Start of MATERIAL PROVIDED

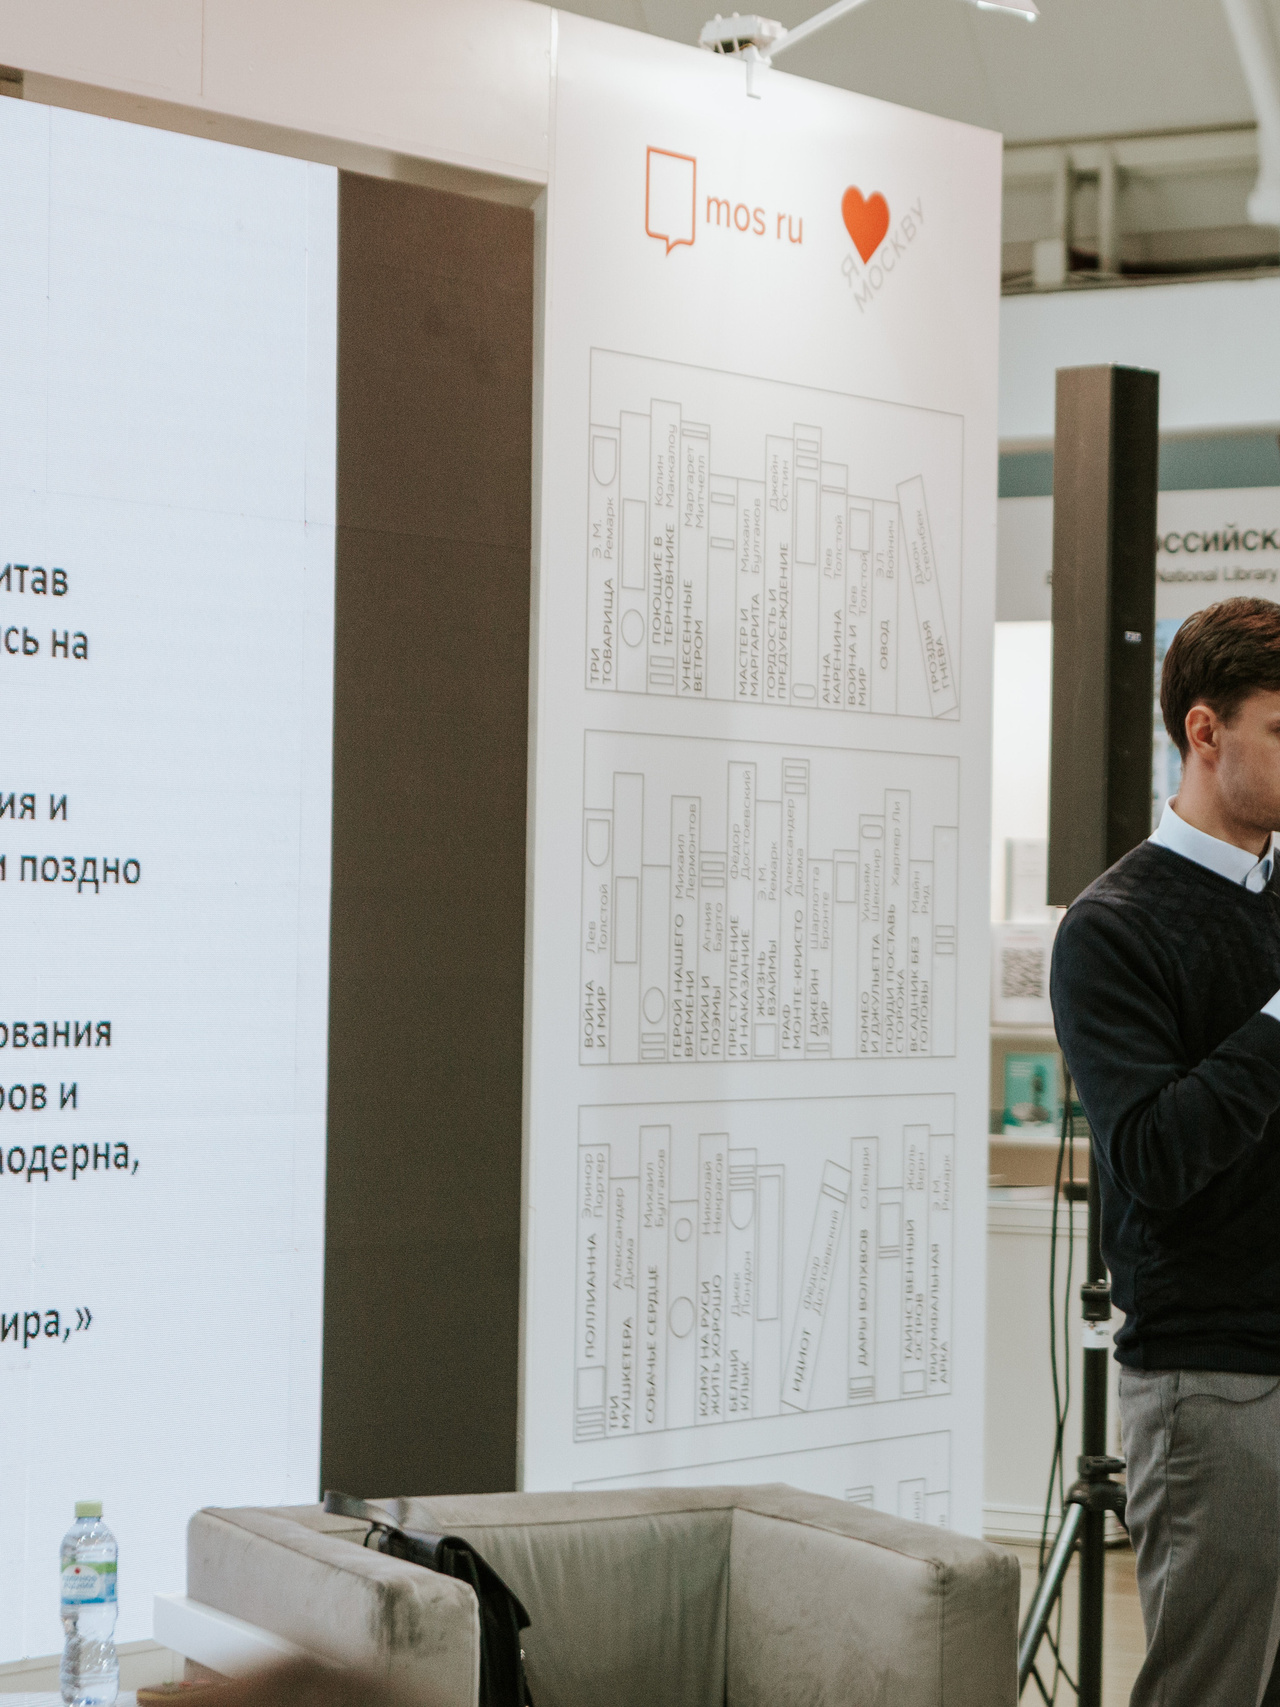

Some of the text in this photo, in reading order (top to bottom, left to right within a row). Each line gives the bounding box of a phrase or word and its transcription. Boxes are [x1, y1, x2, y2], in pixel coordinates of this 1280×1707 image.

[706, 195, 803, 245] mos ru
[852, 197, 926, 314] МОСКВУ
[654, 455, 664, 506] Колин
[666, 424, 677, 508] Маккалоу
[684, 445, 696, 527] Маргарет
[695, 455, 706, 529] Митчелл
[769, 454, 780, 511] Джейн
[780, 460, 789, 512] Остин
[592, 519, 602, 559] Э. М.
[604, 497, 616, 560] Ремарк
[740, 508, 750, 573] Михаил
[751, 498, 762, 574] Булгаков
[833, 515, 844, 579] Толстой
[886, 520, 895, 579] Войнич
[652, 536, 663, 644] ПОЮЩИЕ В
[664, 523, 675, 645] ТЕРНОВНИКЕ
[824, 548, 832, 579] Лев
[859, 552, 869, 617] Толстой
[911, 540, 925, 585] Джон
[1222, 565, 1278, 584] Library
[602, 578, 615, 685] ТОВАРИЩА
[777, 542, 789, 699] ПРЕДУБЕЖДЕНИЕ
[849, 586, 858, 616] Лев
[0, 624, 89, 660] сь на
[590, 648, 600, 683] ТРИ
[682, 579, 692, 692] УНЕСЕННЫЕ
[694, 620, 703, 692] ВЕТРОМ
[739, 608, 749, 696] МАСТЕР И
[750, 593, 760, 697] МАРГАРИТА
[766, 588, 778, 698] ГОРДОСТЬ И
[833, 609, 843, 704] КАРЕНИНА
[847, 624, 857, 706] ВОЙНА И
[880, 620, 890, 670] ОВОД
[922, 620, 941, 693] ГРОЗДЬЯ
[934, 636, 950, 689] ГНЕВА
[822, 653, 831, 704] АННА
[858, 667, 867, 707] МИР
[49, 793, 68, 821] и
[20, 854, 141, 894] поздно
[675, 834, 685, 900] Михаил
[686, 804, 697, 901] Лермонтов
[769, 842, 778, 901] Ремарк
[785, 798, 796, 896] Александер
[794, 848, 805, 897] Дюма
[892, 801, 901, 886] Харпер Ли
[758, 863, 767, 901] Э. М.
[810, 866, 821, 950] Шарлотта
[861, 863, 871, 922] Уильям
[872, 848, 883, 922] Шекспир
[911, 870, 920, 914] Майн
[921, 884, 931, 914] Рид
[586, 921, 596, 954] Лев
[597, 884, 608, 952] Толстой
[713, 902, 724, 952] Барто
[821, 891, 830, 950] Бронте
[672, 914, 684, 1057] ГЕРОЙ НАШЕГО
[728, 915, 739, 1057] ПРЕСТУПЛЕНИЕ
[739, 929, 750, 1056] И НАКАЗАНИЕ
[756, 951, 765, 1017] ЖИЗНЬ
[766, 940, 777, 1017] ВЗАЙМЫ
[793, 910, 803, 1049] МОНТЕ-КРИСТО
[809, 968, 820, 1037] ДЖЕЙН
[871, 933, 882, 1053] И ДЖУЛЬЕТТА
[885, 904, 896, 1053] ПОЙДИ ПОСТАВЬ
[896, 969, 905, 1053] СТОРОЖА
[910, 936, 920, 1052] ВСАДНИК БЕЗ
[583, 980, 595, 1048] ВОЙНА
[597, 986, 607, 1048] И МИР
[685, 970, 695, 1057] ВРЕМЕНИ
[700, 975, 710, 1056] СТИХИ И
[711, 985, 721, 1055] ПОЭМЫ
[782, 1004, 791, 1050] ГРАФ
[819, 1001, 829, 1036] ЭЙР
[861, 991, 869, 1053] РОМЕО
[920, 980, 929, 1052] ГОЛОВЫ
[0, 1081, 78, 1111] ов и
[0, 1141, 139, 1182] одерна,
[582, 1153, 594, 1219] Элинор
[593, 1152, 605, 1218] Портер
[655, 1149, 666, 1228] Булгаков
[712, 1152, 724, 1234] Некрасов
[906, 1144, 916, 1191] Жюль
[916, 1151, 926, 1191] Верн
[932, 1175, 941, 1211] Э. М.
[941, 1154, 951, 1210] Ремарк
[644, 1162, 655, 1228] Михаил
[700, 1161, 712, 1235] Николай
[612, 1187, 624, 1290] Александер
[623, 1238, 635, 1290] Дюма
[585, 1233, 597, 1359] ПОЛЛИАННА
[730, 1272, 742, 1316] Джек
[741, 1251, 752, 1315] Лондон
[857, 1228, 869, 1367] ДАРЫ ВОЛХВОВ
[903, 1219, 916, 1362] ТАИНСТВЕННЫЙ
[928, 1243, 940, 1385] ТРИУМФАЛЬНАЯ
[621, 1316, 633, 1430] МУШКЕТЕРА
[645, 1264, 659, 1424] СОБАЧЬЕ СЕРДЦЕ
[699, 1280, 710, 1417] КОМУ НА РУСИ
[711, 1274, 722, 1416] ЖИТЬ ХОРОШО
[792, 1327, 812, 1393] ИДИОТ
[938, 1341, 948, 1384] АРКА
[609, 1395, 619, 1431] ТРИ
[727, 1348, 740, 1412] БЕЛЫЙ
[740, 1360, 750, 1411] КЛЫК

End of MATERIAL PROVIDED

TO DO ▸
Set down the data exactly as it appears, without any images.

EXERCISE SOLUTION ▸
Some of the text in this photo, in reading order (top to bottom, left to right within a row). Each line gives the bounding box of a phrase or word and its transcription. Boxes are [x1, y1, x2, y2], in pixel coordinates of this 1280×1707 image.

[706, 195, 803, 245] mos ru
[852, 197, 926, 314] МОСКВУ
[654, 455, 664, 506] Колин
[666, 424, 677, 508] Маккалоу
[684, 445, 696, 527] Маргарет
[695, 455, 706, 529] Митчелл
[769, 454, 780, 511] Джейн
[780, 460, 789, 512] Остин
[592, 519, 602, 559] Э. М.
[604, 497, 616, 560] Ремарк
[740, 508, 750, 573] Михаил
[751, 498, 762, 574] Булгаков
[833, 515, 844, 579] Толстой
[886, 520, 895, 579] Войнич
[652, 536, 663, 644] ПОЮЩИЕ В
[664, 523, 675, 645] ТЕРНОВНИКЕ
[824, 548, 832, 579] Лев
[859, 552, 869, 617] Толстой
[911, 540, 925, 585] Джон
[1222, 565, 1278, 584] Library
[602, 578, 615, 685] ТОВАРИЩА
[777, 542, 789, 699] ПРЕДУБЕЖДЕНИЕ
[849, 586, 858, 616] Лев
[0, 624, 89, 660] сь на
[590, 648, 600, 683] ТРИ
[682, 579, 692, 692] УНЕСЕННЫЕ
[694, 620, 703, 692] ВЕТРОМ
[739, 608, 749, 696] МАСТЕР И
[750, 593, 760, 697] МАРГАРИТА
[766, 588, 778, 698] ГОРДОСТЬ И
[833, 609, 843, 704] КАРЕНИНА
[847, 624, 857, 706] ВОЙНА И
[880, 620, 890, 670] ОВОД
[922, 620, 941, 693] ГРОЗДЬЯ
[934, 636, 950, 689] ГНЕВА
[822, 653, 831, 704] АННА
[858, 667, 867, 707] МИР
[49, 793, 68, 821] и
[20, 854, 141, 894] поздно
[675, 834, 685, 900] Михаил
[686, 804, 697, 901] Лермонтов
[769, 842, 778, 901] Ремарк
[785, 798, 796, 896] Александер
[794, 848, 805, 897] Дюма
[892, 801, 901, 886] Харпер Ли
[758, 863, 767, 901] Э. М.
[810, 866, 821, 950] Шарлотта
[861, 863, 871, 922] Уильям
[872, 848, 883, 922] Шекспир
[911, 870, 920, 914] Майн
[921, 884, 931, 914] Рид
[586, 921, 596, 954] Лев
[597, 884, 608, 952] Толстой
[713, 902, 724, 952] Барто
[821, 891, 830, 950] Бронте
[672, 914, 684, 1057] ГЕРОЙ НАШЕГО
[728, 915, 739, 1057] ПРЕСТУПЛЕНИЕ
[739, 929, 750, 1056] И НАКАЗАНИЕ
[756, 951, 765, 1017] ЖИЗНЬ
[766, 940, 777, 1017] ВЗАЙМЫ
[793, 910, 803, 1049] МОНТЕ-КРИСТО
[809, 968, 820, 1037] ДЖЕЙН
[871, 933, 882, 1053] И ДЖУЛЬЕТТА
[885, 904, 896, 1053] ПОЙДИ ПОСТАВЬ
[896, 969, 905, 1053] СТОРОЖА
[910, 936, 920, 1052] ВСАДНИК БЕЗ
[583, 980, 595, 1048] ВОЙНА
[597, 986, 607, 1048] И МИР
[685, 970, 695, 1057] ВРЕМЕНИ
[700, 975, 710, 1056] СТИХИ И
[711, 985, 721, 1055] ПОЭМЫ
[782, 1004, 791, 1050] ГРАФ
[819, 1001, 829, 1036] ЭЙР
[861, 991, 869, 1053] РОМЕО
[920, 980, 929, 1052] ГОЛОВЫ
[0, 1081, 78, 1111] ов и
[0, 1141, 139, 1182] одерна,
[582, 1153, 594, 1219] Элинор
[593, 1152, 605, 1218] Портер
[655, 1149, 666, 1228] Булгаков
[712, 1152, 724, 1234] Некрасов
[906, 1144, 916, 1191] Жюль
[916, 1151, 926, 1191] Верн
[932, 1175, 941, 1211] Э. М.
[941, 1154, 951, 1210] Ремарк
[644, 1162, 655, 1228] Михаил
[700, 1161, 712, 1235] Николай
[612, 1187, 624, 1290] Александер
[623, 1238, 635, 1290] Дюма
[585, 1233, 597, 1359] ПОЛЛИАННА
[730, 1272, 742, 1316] Джек
[741, 1251, 752, 1315] Лондон
[857, 1228, 869, 1367] ДАРЫ ВОЛХВОВ
[903, 1219, 916, 1362] ТАИНСТВЕННЫЙ
[928, 1243, 940, 1385] ТРИУМФАЛЬНАЯ
[621, 1316, 633, 1430] МУШКЕТЕРА
[645, 1264, 659, 1424] СОБАЧЬЕ СЕРДЦЕ
[699, 1280, 710, 1417] КОМУ НА РУСИ
[711, 1274, 722, 1416] ЖИТЬ ХОРОШО
[792, 1327, 812, 1393] ИДИОТ
[938, 1341, 948, 1384] АРКА
[609, 1395, 619, 1431] ТРИ
[727, 1348, 740, 1412] БЕЛЫЙ
[740, 1360, 750, 1411] КЛЫК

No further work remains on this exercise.